Basement Membrane Type IV Collagen and Laminin: An Overview of Their Biology and Value as Fibrosis Biomarkers of Liver Disease

• Published in: Anatomical record (Hoboken, N.J. : 2007) Vol. 300; no. 8; pp. 1371 - 1390
• Main Authors: Mak, Ki M., Mei, Rena
• Format: Journal Article
• Language: English
• Published: United States Wiley Subscription Services, Inc 01.08.2017
• Subjects: Adipocytes; Angiogenesis; Animals; Assaying; Axons; Basal lamina; basement membrane; Basement membranes; Biomarkers; Biomarkers - metabolism; capillarization of hepatic sinusoids; Collagen (type IV); Collagen Type IV - metabolism; Deposits; Endothelium; Epithelium; Fatty liver; Fibrosis; Fibrosis - diagnosis; Fibrosis - etiology; Fibrosis - metabolism; Filtration; Fragmentation; Growth factors; Hepatitis; Humans; Laminin; Laminin - metabolism; Liver diseases; Liver Diseases - complications; Membranes; Metastases; Muscles; Organogenesis; perisinusoidal basement membrane immunohistochemical marker; Perlecan; Schwann cells; serum liver fibrosis biomarkers; type IV collagen and laminin; basement membrane; capillarization of hepatic sinusoids; perisinusoidal basement membrane immunohistochemical marker; serum liver fibrosis biomarkers; type IV collagen and laminin
• ISSN: 1932-8486; 1932-8494
• DOI: 10.1002/ar.23567

ABSTRACT Basement membranes provide structural support to epithelium, endothelium, muscles, fat cells, Schwann cells, and axons.
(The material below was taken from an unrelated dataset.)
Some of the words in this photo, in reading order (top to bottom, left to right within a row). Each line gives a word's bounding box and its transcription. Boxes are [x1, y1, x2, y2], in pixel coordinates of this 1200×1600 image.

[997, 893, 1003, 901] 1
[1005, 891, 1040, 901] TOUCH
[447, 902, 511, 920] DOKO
Basement membranes are multifunctional: they modulate cellular behavior, regulate organogenesis, promote tissue repair, form a barrier to filtration and tumor metastasis, bind growth factors, and mediate angiogenesis. All basement membranes contain type IV collagen (Col IV), laminin, nidogen, and perlecan. Col IV and laminin self‐assemble into two independent supramolecular networks that are linked to nidogen and perlecan to form a morphological discernable basement membrane/basal lamina. The triple helical region, 7S domain and NCI domain of Col IV, laminin and laminin fragment P1 have been evaluated as noninvasive fibrosis biomarkers of alcoholic liver disease, viral hepatitis, and nonalcoholic fatty liver disease. Elevated serum Col IV and laminin are related to degrees of fibrosis and severity of hepatitis, and may reflect hepatic basement membrane metabolism. But the serum assays have not been linked to disclosing the anatomical sites and lobular distribution of perisinusoidal basement membrane formation in the liver. Hepatic sinusoids normally lack a basement membrane, although Col IV is a normal matrix component of the space of Disse. In liver disease, laminin deposits in the space of Disse and codistributes with Col IV, forming a perisinusoidal basement membrane. Concomitantly, the sinusoidal endothelium loses its fenestrae and is transformed into vascular type endothelium. These changes lead to capillarization of hepatic sinusoids, a significant pathology that impairs hepatic function. Accordingly, codistribution of Col IV and laminin serves as histochemical marker of perisinusoidal basement membrane formation in liver disease. Anat Rec, 300:1371–1390, 2017. © 2017 Wiley Periodicals, Inc.